Soil organisms are suggested to play an important part in the process of biochar remediation18. In this study, the results showed that the application of nanobiochar significantly increased the microbial biomass because it combined the advantages of biochar with nanomaterials and provided a suitable environment for microbial growth35. In addition, a previous study has proved that labeled N found in plants was from biochar36, indicating that nanobiochar can supply a food source for soil microorganisms. Furthermore, the application of biochar provides a suitable soil environment for microorganisms by increasing porosity, soil tensile strength and water holding capacity, which in turn improves soil activity18.

The diversity of soil organisms was also associated with the soil environment.

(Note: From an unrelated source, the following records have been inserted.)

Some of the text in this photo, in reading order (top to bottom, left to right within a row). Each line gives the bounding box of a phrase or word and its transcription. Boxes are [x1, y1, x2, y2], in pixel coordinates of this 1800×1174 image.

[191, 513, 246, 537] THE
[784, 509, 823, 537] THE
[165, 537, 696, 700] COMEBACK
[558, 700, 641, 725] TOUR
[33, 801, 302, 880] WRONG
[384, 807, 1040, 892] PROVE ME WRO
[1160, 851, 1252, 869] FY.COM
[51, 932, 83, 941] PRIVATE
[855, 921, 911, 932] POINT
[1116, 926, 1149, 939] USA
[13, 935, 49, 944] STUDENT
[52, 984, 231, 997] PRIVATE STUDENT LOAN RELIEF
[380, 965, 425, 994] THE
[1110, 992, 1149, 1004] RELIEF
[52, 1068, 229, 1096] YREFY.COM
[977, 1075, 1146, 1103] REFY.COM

In Cd-contaminated soil samples, Proteobacteria was the dominant taxon in our study and comprised the vast majority of all organisms. Furthermore, the abundance of the dominant phylum, Proteobacteria, which represented approximately 80% of all classified sequences in the 0% nanobiochar treatment soil, corresponded roughly to those found in the studies of Singleton et al.37, and Uhlik et al.38. Thus, despite the different surveying efforts and sampling sites used in different studies, a variety of contaminated soils were found to contain the same dominant bacterial groups37,38. The dominance of these groups may be explained by the high tolerance of Proteobacteria to Cd2+,39. After restoration by nanobiochar, both Actinobacteria and Bacteroidetes were found in soil samples. This indicated that both soilborne Actinobacteria and Bacteroidetes may be capable of subsisting on nanobiochar as a sole C source40,41. These microorganisms adhere to the surface of the nanobiochar and gradually form communities and biofilms that adhere the nanobiochar to the surface of soil minerals. Therefore, microbial composition may play a key role in fixing nanobiochar carbon in soil.

Soil properties play an important role in microorganism communities. In our study, bacterial abundance was also found to be associated with the extent of soil contamination. For example, researchers found that heavy metal ions show toxicity to microorganisms by binding with the cell wall8. Biochar application could improve soil quality by increasing the soil organic content and provide suitable microsites for soil microorganisms to survive42. Our results also proved that the exchangeable form of cadmium decreased and microorganism diversity increased after the addition of nanobiochar. Therefore, the application of nanobiochar significantly reduces microorganism inhibition by promoting the transformation of Cd from exchangeable to other forms. On the other hand, nanobiochar application improves soil properties, increasing the suitability of the soil for microbial growth.

Conclusion

The application of nanobiochar to Cd-contaminated soils was investigated by monitoring the Cd phytotoxicity, availability of Cd in soils and microbial community abundances. The results demonstrated that the application of nano-biochar significantly increases seed germination, plant biomass, and the diversity of microorganisms in Cd-contaminated soil. The application of nanobiochar can significantly reduce the available Cd in soil and positively affect the stability of cadmium ions in soil. The addition of nanobiochar also significantly improved the microbial biomass, microorganism abundance and diversity of Actinobacteria and Bacteroidetes, which are beneficial for the remediation of contaminated soil. As a low-cost material, nanobiochar is expected to be widely used in high-concentration cadmium-contaminated farmland to ensure food safety and human health. However, to meet long-term agricultural needs and realize a more practical application of this data, more extensive studies and long-term field trials are required to confirm the reliability of these findings.